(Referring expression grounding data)
BEGIN
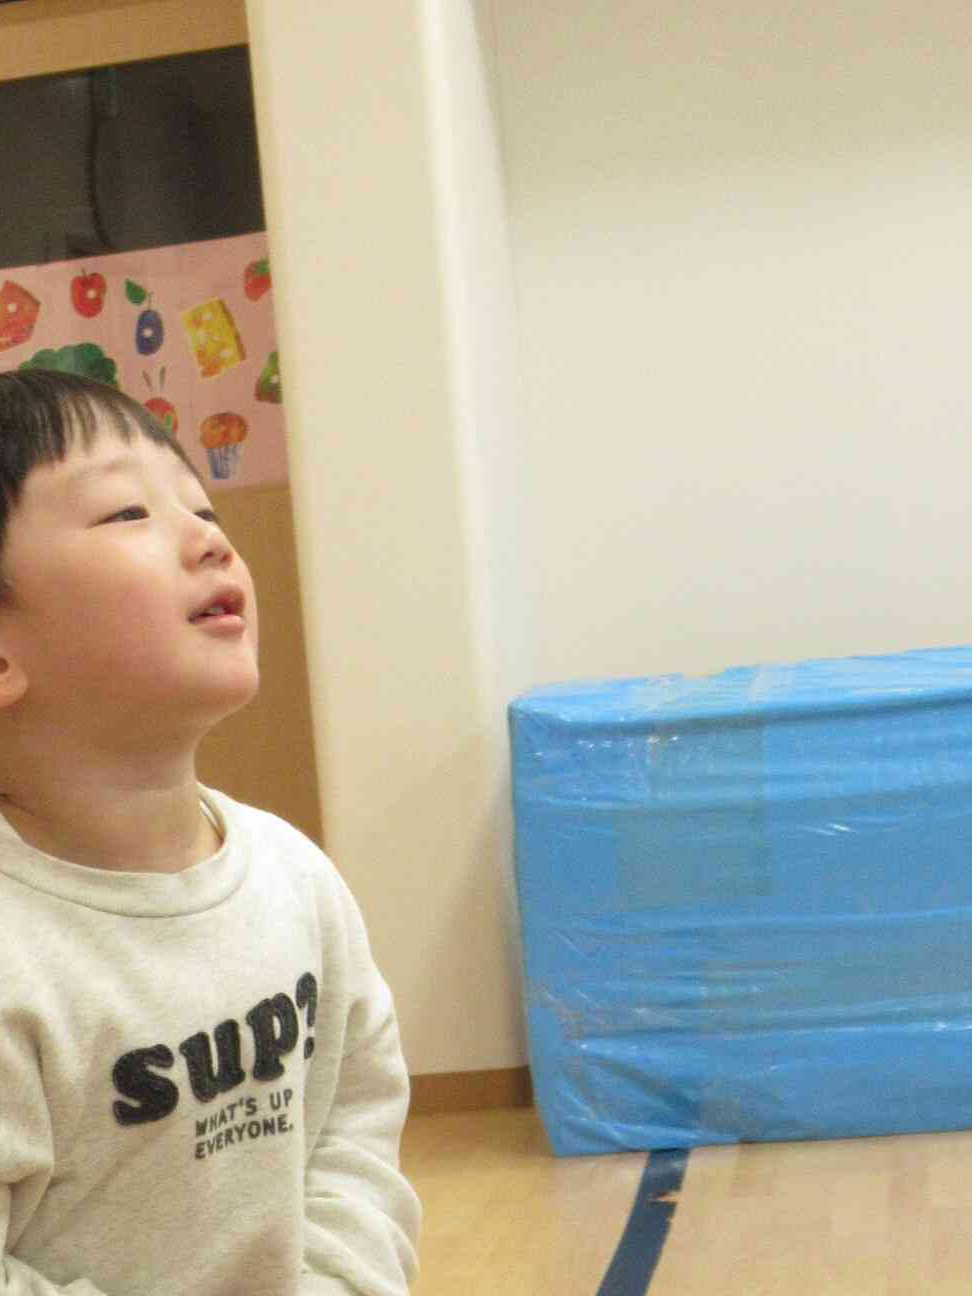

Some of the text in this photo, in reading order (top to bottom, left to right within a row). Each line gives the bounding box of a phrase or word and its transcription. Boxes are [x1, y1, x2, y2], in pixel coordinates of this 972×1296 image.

[194, 1087, 294, 1138] WHAT'S UP
[194, 1113, 295, 1160] EVERYONE.
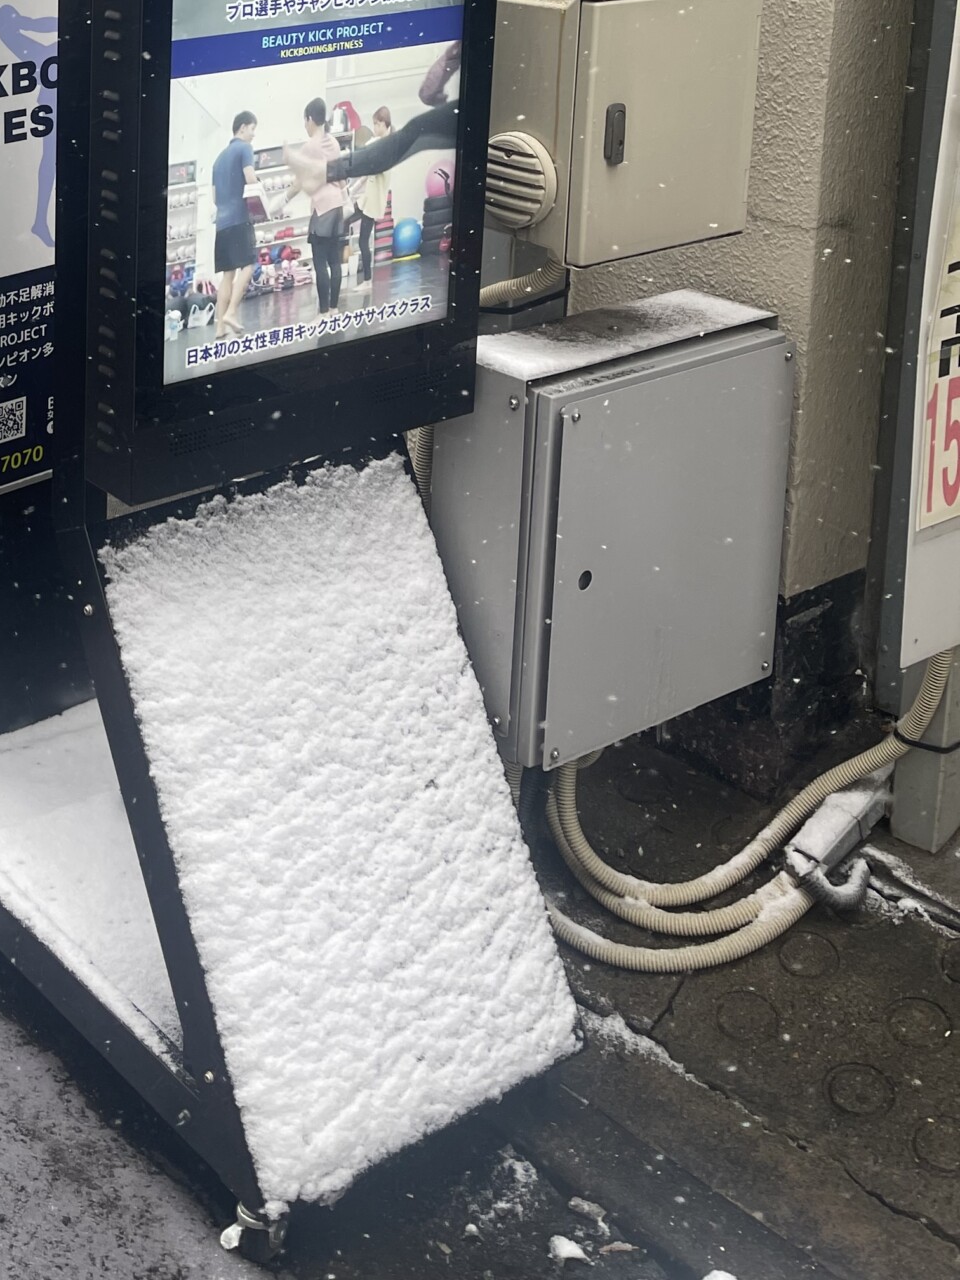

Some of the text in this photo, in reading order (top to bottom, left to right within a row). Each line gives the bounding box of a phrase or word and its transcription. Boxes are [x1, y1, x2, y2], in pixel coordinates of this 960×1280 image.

[262, 22, 384, 49] BEAUTY KICK PROJECT
[280, 39, 364, 59] KICKBOXING&FITNESS
[186, 295, 432, 366] 日本初の女性専用キックボクササイズクラス
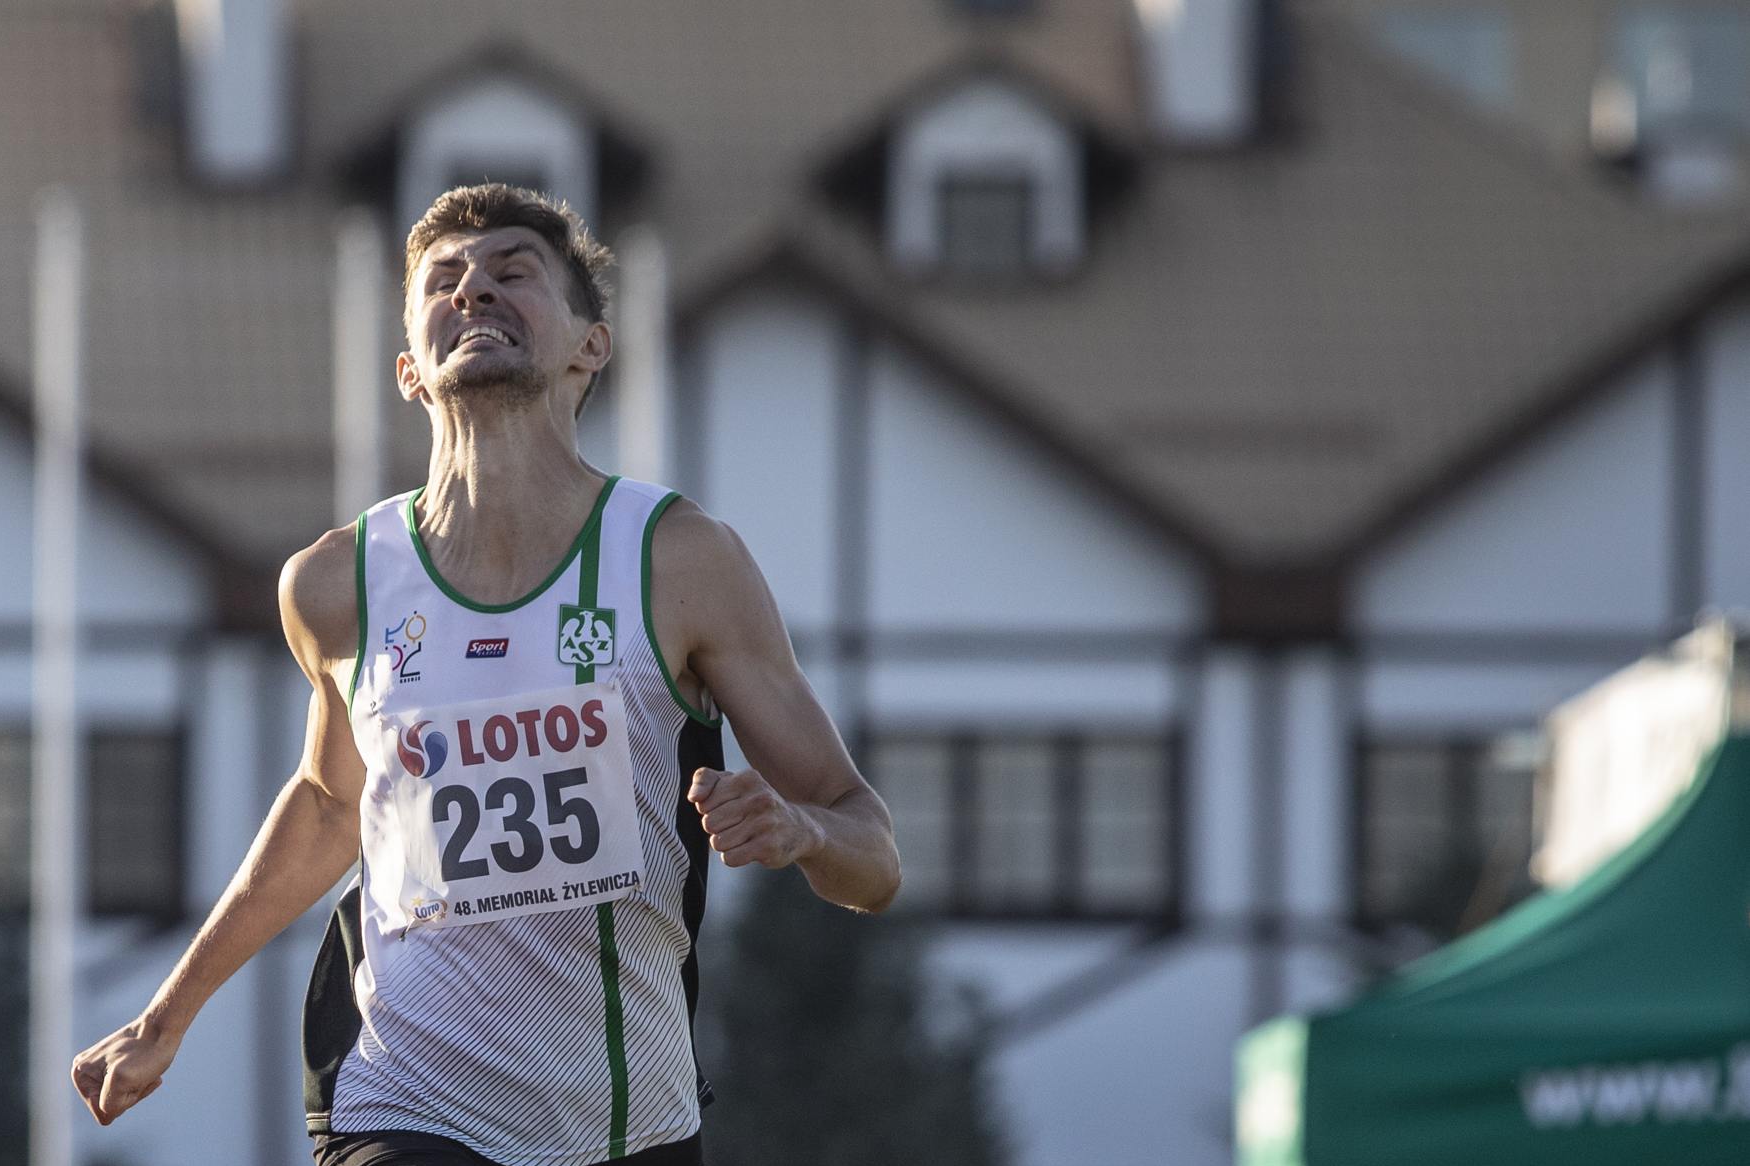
END
_THE PROBLEM:_
A word-for-word transcription of the entries above, free of images, is what is wanted.

_OUTPUT:_
Some of the text in this photo, in reading order (top to bottom, left to right within a row). Each line gives the bounding box of a phrase or word and its transcription. Boxes are [x1, y1, x2, y2], in pixel coordinates of this 972×1296 image.

[194, 1087, 294, 1138] WHAT'S UP
[194, 1113, 295, 1160] EVERYONE.

Some of the text in this photo, in reading order (top to bottom, left to right within a row). Each line gives the bounding box of a phrase or word and its transcription. Boxes are [x1, y1, x2, y2], in pixel coordinates of this 960×1280 image.

[262, 22, 384, 49] BEAUTY KICK PROJECT
[280, 39, 364, 59] KICKBOXING&FITNESS
[186, 295, 432, 366] 日本初の女性専用キックボクササイズクラス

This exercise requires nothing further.